Por espacio de dos semanas, un redactor de SIETE DIAS deambuló por ese tablado argentino-genovés, conversó con los zares de sus noches, con los cocineros, los mozos y los showmen; compiló una historia de malevos y rameras, un submundo prostibulario que naufragó hoy —definitivamente— en el proceloso mar de la salsa boloñesa.

EL FABRICANTE DE SONRISAS
En su último mes como presidente, Juan Carlos Onganía recaló una noche —acompañado por su mujer— en una cantina boquense. Mientras esperaba el comienzo del show se le acercó un inconfundible italiano del sur, con camiseta de lana y una faja rebosante de olor a Untisal. Le tendió la mano y dijo: “Mirá che presidendo Longanía...” “Papá —interrumpió Juan Spadavecchia—, el señor se llama Onganía”. “Ma decate dembromare que yo hablo bien lo castellano. Mirá che Longanía: yo también ho fato la guerra y por eso me gústano la persona de carácter como vos. Te curo que te vas a comer unos vermichelli que te vas a chupar lo dedo, presidendo ...”
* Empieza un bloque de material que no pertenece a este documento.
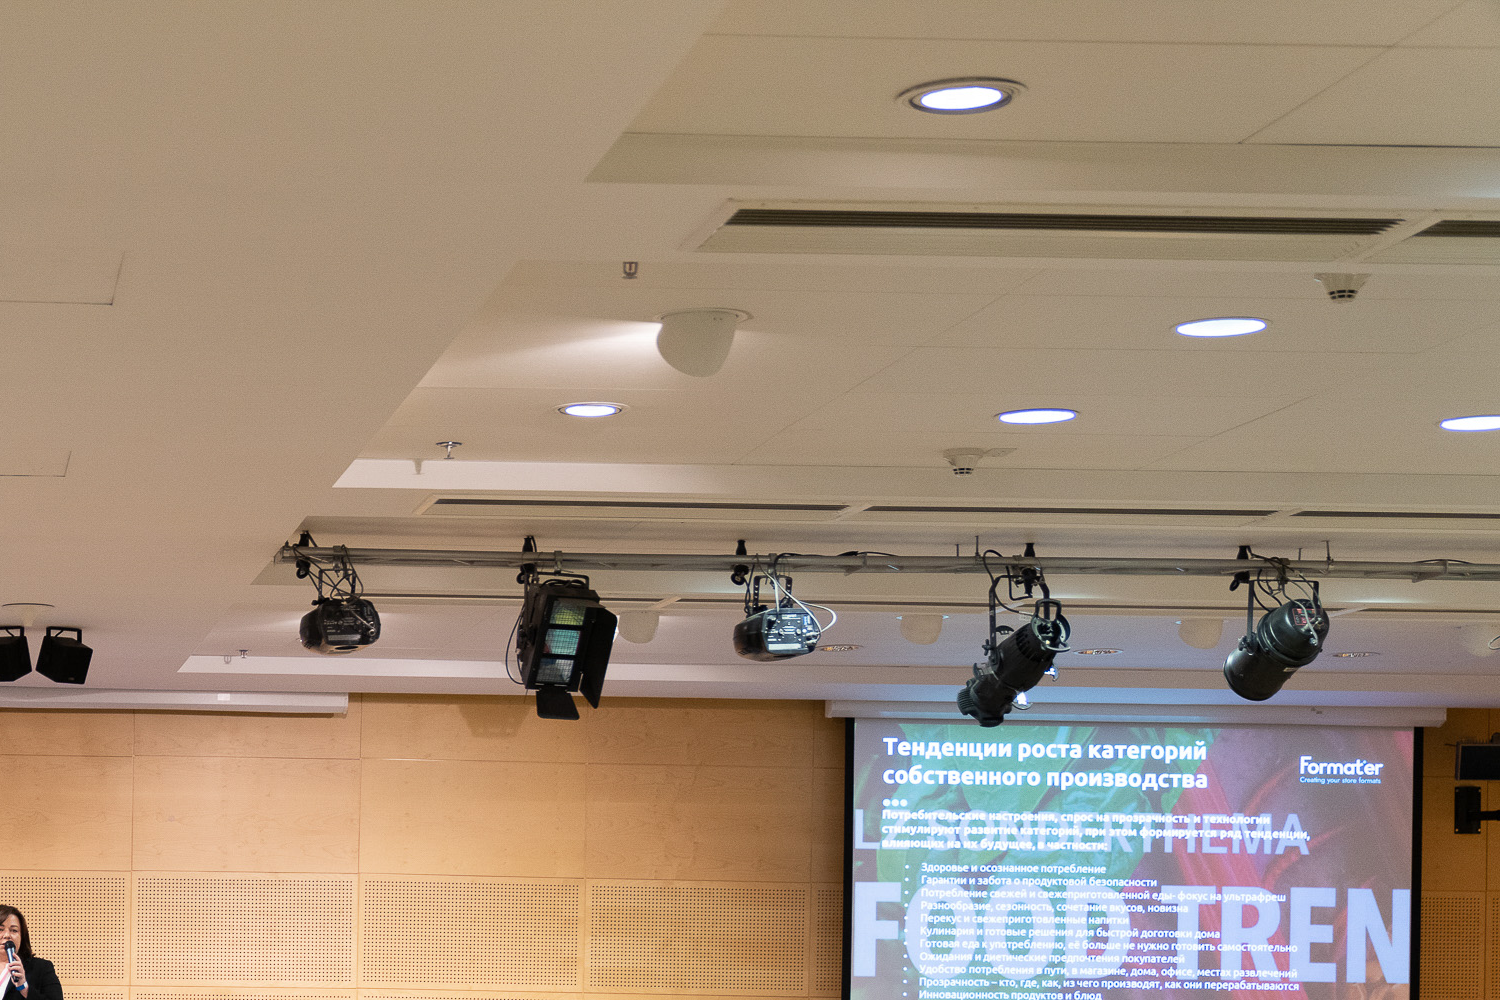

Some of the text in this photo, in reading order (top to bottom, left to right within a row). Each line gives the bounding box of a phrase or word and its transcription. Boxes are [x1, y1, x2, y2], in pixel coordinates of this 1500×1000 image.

[882, 737, 1208, 763] Тенденции роста категорий
[882, 764, 1208, 791] собственного производства
[1300, 776, 1326, 785] Creating
[881, 808, 986, 822] Потребительские
[987, 812, 1058, 823] настроения,
[1059, 813, 1093, 823] спрос
[1111, 814, 1191, 824] прозрачность
[1202, 815, 1270, 824] технологии
[881, 825, 961, 835] стимулируют
[962, 826, 1017, 836] развитие
[1018, 824, 1083, 837] категорий,
[1084, 828, 1107, 837] при
[1108, 828, 1137, 836] этом
[1138, 826, 1218, 839] формируется
[1219, 830, 1242, 839] ряд
[927, 809, 1310, 856] SONDERTHEMA
[881, 839, 945, 849] влияющих
[946, 840, 961, 848] на
[979, 838, 1035, 851] будущее,
[1036, 841, 1045, 849] в
[1046, 841, 1108, 850] частности:
[920, 862, 969, 873] Здоровье
[1040, 863, 1107, 874] потребление
[921, 875, 967, 885] Гарантии
[977, 875, 1011, 884] забота
[1021, 876, 1087, 887] продуктовой
[1088, 876, 1157, 886] безопасности
[920, 887, 988, 899] Потребление
[989, 888, 1027, 897] свежей
[1036, 889, 1150, 901] свежеприготовленной
[1177, 890, 1208, 901] фокус
[1223, 891, 1286, 902] ультрафреш
[920, 900, 994, 911] Разнообразие,
[995, 903, 1054, 912] сезонность,
[1108, 905, 1146, 913] вкусов,
[919, 913, 962, 924] Перекус
[971, 916, 1086, 925] свежеприготовленные
[855, 881, 1131, 981] FOOD
[920, 926, 975, 936] Кулинария
[1027, 929, 1073, 938] решения
[1074, 929, 1094, 937] для
[1095, 927, 1139, 938] быстрой
[1140, 930, 1192, 938] доготовки
[1193, 931, 1220, 939] дома
[920, 939, 960, 947] Готовая
[961, 941, 980, 949] еда
[989, 938, 1066, 950] употреблению,
[1067, 940, 1080, 949] её
[1081, 940, 1121, 949] больше
[1136, 943, 1169, 951] нужно
[919, 952, 972, 962] Ожидания
[982, 954, 1047, 962] диетические
[1048, 955, 1120, 963] предпочтения
[1120, 953, 1185, 964] покупателей
[919, 963, 967, 974] Удобство
[967, 964, 1034, 975] потребления
[1043, 967, 1070, 976] пути,
[1079, 968, 1129, 976] магазине,
[1129, 968, 1159, 977] дома,
[1160, 966, 1195, 977] офисе,
[1232, 967, 1298, 978] развлечений
[918, 977, 989, 987] Прозрачность
[998, 979, 1018, 988] кто,
[1019, 980, 1040, 988] где,
[1040, 980, 1061, 988] как,
[1100, 981, 1162, 989] производят,
[1203, 979, 1300, 991] перерабатываются
[918, 990, 1009, 1000] Инновационность
[1010, 992, 1063, 1000] продуктов
[1073, 990, 1101, 1000] блюд
Onganía sonrió (!). Su esposa rechazó las consternadas excusas de los Spadavecchia juniors y confesó que don Ignacio era “el abuelo más simpático que había conocido”. El decano de los cantineros de la calle Necochea ya era ducho en escarceos presidenciales: “Con Frondizi fue mucho peor —evoca Juan—. El presidente agasajaba a Eduardo Víctor Haedo, su colega uruguayo, cuando papá se le acercó con un queso bajo el brazo. «Frondizo, comete un poquito de provolone», dijo. El presidente, entre alarmado y sorprendido, rechazó el ofrecimiento alegando estar a régimen. Papá volvió a la carga: «Ma que réquimen ni réquimen, decate de embromare ... que esto es al uso nostro».”
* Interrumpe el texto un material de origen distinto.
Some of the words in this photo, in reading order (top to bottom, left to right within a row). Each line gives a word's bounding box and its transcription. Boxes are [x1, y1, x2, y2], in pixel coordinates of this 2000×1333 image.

Frondizi también sonrió (!). Y quizá pensó que una escena así sólo podía acontecer en los predios boquenses de la calle Necochea, un mundo aparte, donde —en el breve ámbito de tres cuadras— prosperan 16 cantinas cuyas invitaciones oscilan entre la nostalgia y el desenfado: mientras una anuncia que en esos salsudos lares vio la luz el músico Juan de Dios Filiberto otra trata de captar a la concurrencia con proposiciones demagógicas: “Adelante. Esta es la única cantina donde los mozos se bañan’’.
Ese tono festivo, confianzudo, forma parte del entrenamiento de los mozos boquenses. Oscar Paino (47, mozo en La Gaviota, antes en los almuerzos de Mirtha Legrand) accede a exhibir alguna muestra de su sense of humour. “Si usted, por ejemplo, me pide una coca, yo le respondo: ‘Oiga . .. ¿Coca cola o co-ca-ína?’ Usted se ríe y ya está conmigo”, se ufana el gastronómico, quien intuye que “servir en la Boca no es lo mismo que servir en el Plaza Hotel. Aquí no se puede estar nunca serio; aunque a veces, claro, fingimos mucho. Eso sí, hay buenas propinas. Algunos sacan hasta 60 ó 70 mil mensuales”.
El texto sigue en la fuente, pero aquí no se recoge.